**WHAT YOU SHOULD DO**. Pictures do not belong in the copy, so please give every entry below again exactly.

• • • •

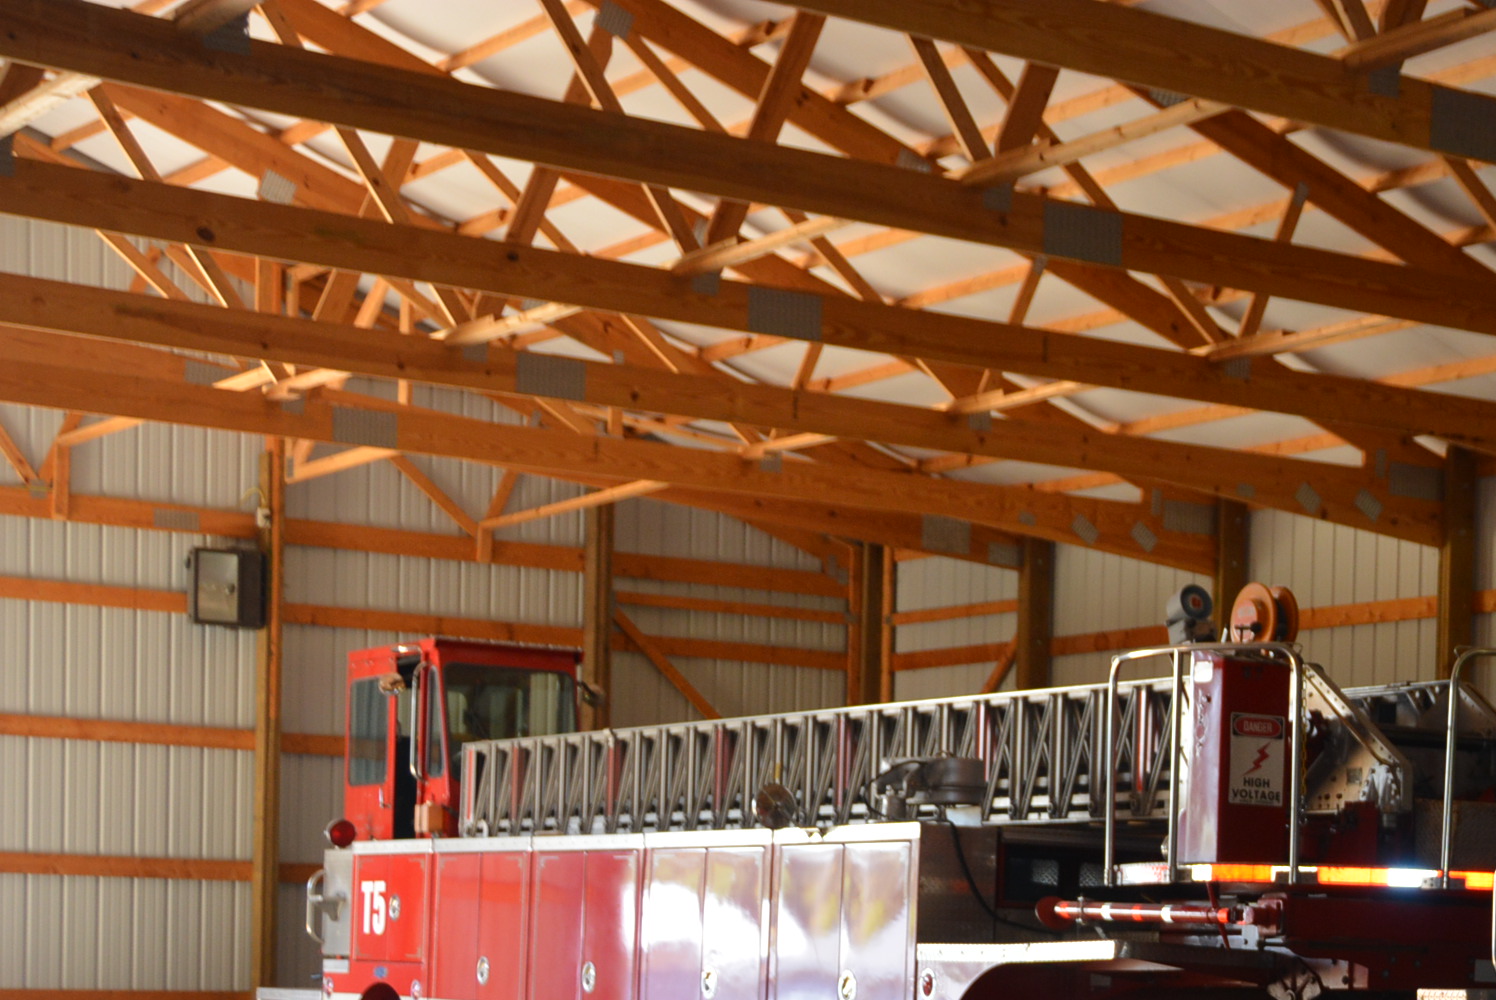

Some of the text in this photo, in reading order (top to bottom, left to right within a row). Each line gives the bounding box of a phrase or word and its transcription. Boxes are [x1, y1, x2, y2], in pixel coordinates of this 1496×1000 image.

[1243, 720, 1273, 732] DANGER
[1243, 777, 1270, 788] HIGH
[1232, 789, 1280, 803] VOLTAGE
[361, 880, 386, 935] T5

• • • •

**WRITTEN ANSWER**.
Some of the text in this photo, in reading order (top to bottom, left to right within a row). Each line gives the bounding box of a phrase or word and its transcription. Boxes are [x1, y1, x2, y2], in pixel coordinates of this 1496×1000 image.

[1243, 720, 1273, 732] DANGER
[1243, 777, 1270, 788] HIGH
[1232, 789, 1280, 803] VOLTAGE
[361, 880, 386, 935] T5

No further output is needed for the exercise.